▶ _WHAT YOU HAVE TO DO_: In full and word for word, copy the listing; no pictures belong in the copy.

SOURCE DATA START

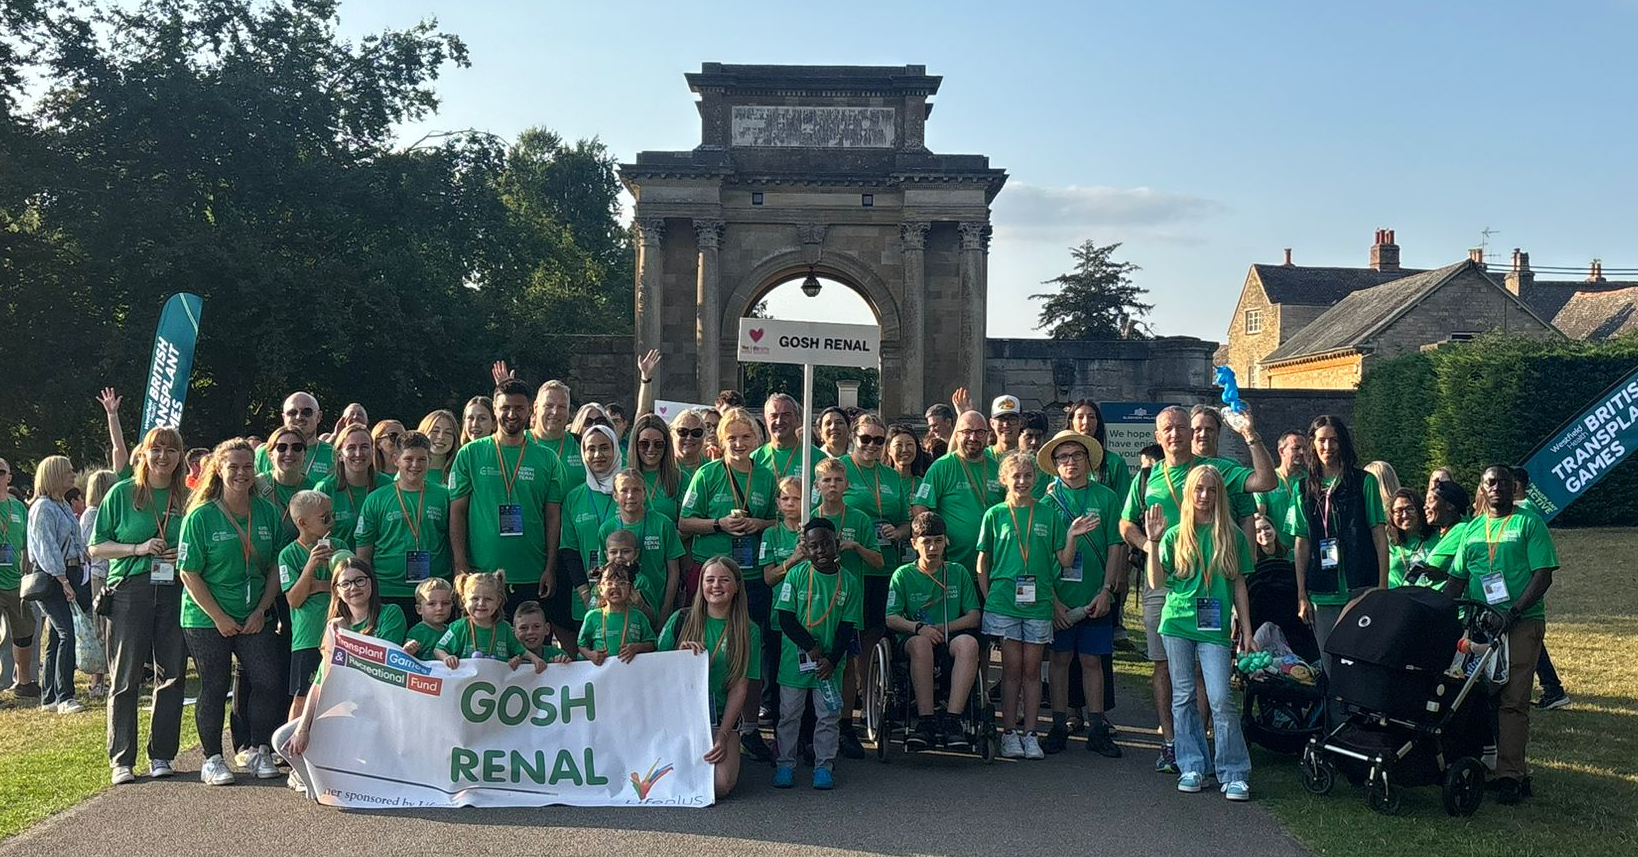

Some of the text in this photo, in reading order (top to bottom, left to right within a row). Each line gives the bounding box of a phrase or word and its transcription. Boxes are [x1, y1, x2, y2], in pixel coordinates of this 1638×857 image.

[779, 336, 871, 352] GOSH RENAL
[148, 335, 169, 402] BRITISH
[154, 343, 180, 430] ANSPLANT
[167, 398, 183, 428] MES
[1584, 378, 1638, 433] BRITIS
[1108, 440, 1156, 448] have enjo
[1109, 429, 1151, 439] We hope
[1550, 424, 1584, 453] Westfield
[1551, 405, 1638, 481] TRANSPLA
[1566, 431, 1589, 450] Health
[1565, 440, 1626, 494] GAMES
[335, 634, 384, 661] Transplant
[334, 651, 438, 693] & Recreational Fund
[459, 681, 596, 728] GOSH
[450, 746, 609, 787] RENAL
[323, 787, 342, 798] ner
[344, 789, 400, 806] sponsored

SOURCE DATA END

▶ _RESPONSE AREA_:
Some of the text in this photo, in reading order (top to bottom, left to right within a row). Each line gives the bounding box of a phrase or word and its transcription. Boxes are [x1, y1, x2, y2], in pixel coordinates of this 1638×857 image.

[779, 336, 871, 352] GOSH RENAL
[148, 335, 169, 402] BRITISH
[154, 343, 180, 430] ANSPLANT
[167, 398, 183, 428] MES
[1584, 378, 1638, 433] BRITIS
[1108, 440, 1156, 448] have enjo
[1109, 429, 1151, 439] We hope
[1550, 424, 1584, 453] Westfield
[1551, 405, 1638, 481] TRANSPLA
[1566, 431, 1589, 450] Health
[1565, 440, 1626, 494] GAMES
[335, 634, 384, 661] Transplant
[334, 651, 438, 693] & Recreational Fund
[459, 681, 596, 728] GOSH
[450, 746, 609, 787] RENAL
[323, 787, 342, 798] ner
[344, 789, 400, 806] sponsored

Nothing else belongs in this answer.